**WORK ORDER**
Only the pictures are to be left out, and the rest of the entries should be reproduced exactly.
** Opening INFORMATION PROVIDED block **
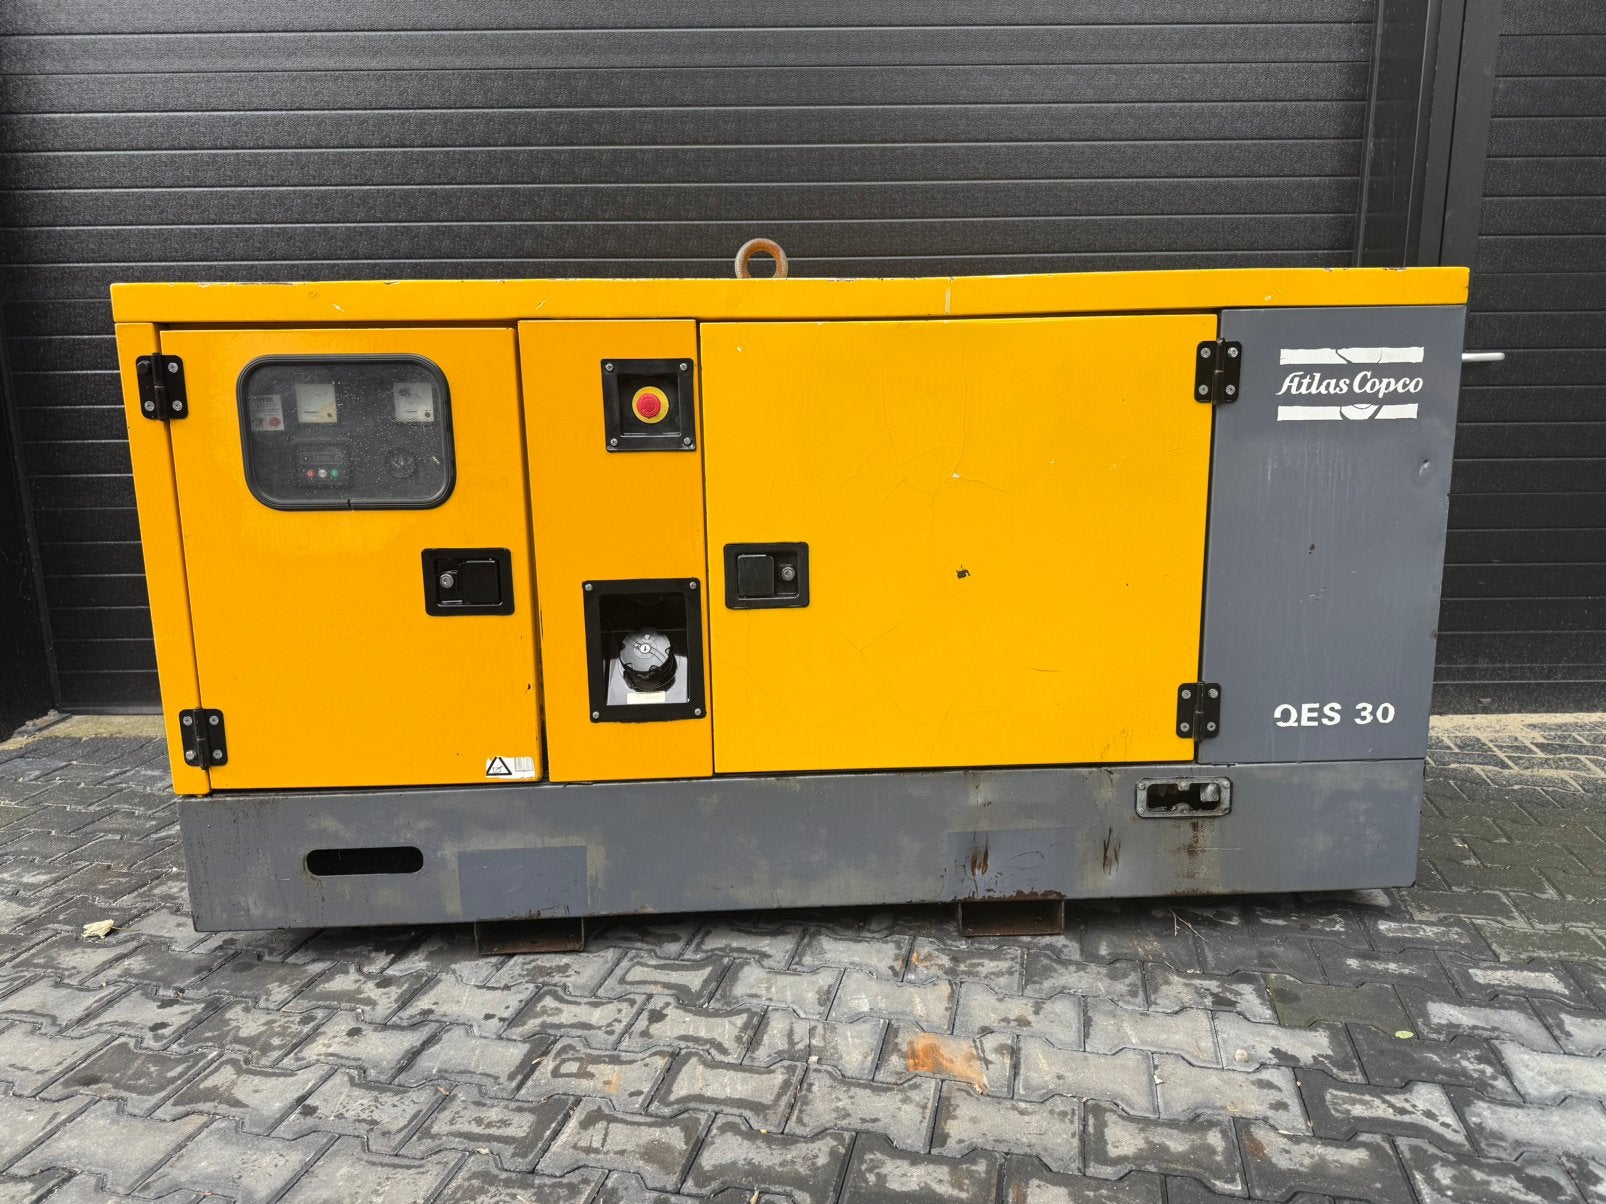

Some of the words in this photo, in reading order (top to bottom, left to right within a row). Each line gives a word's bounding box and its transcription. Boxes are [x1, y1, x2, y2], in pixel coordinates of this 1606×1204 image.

[1275, 371, 1350, 395] Atlas
[1352, 371, 1424, 398] Copco
[1273, 702, 1342, 727] QES
[1354, 702, 1396, 725] 30
** Closing INFORMATION PROVIDED block **
**SOLUTION FOR THIS EXERCISE**
Some of the words in this photo, in reading order (top to bottom, left to right within a row). Each line gives a word's bounding box and its transcription. Boxes are [x1, y1, x2, y2], in pixel coordinates of this 1606×1204 image.

[1275, 371, 1350, 395] Atlas
[1352, 371, 1424, 398] Copco
[1273, 702, 1342, 727] QES
[1354, 702, 1396, 725] 30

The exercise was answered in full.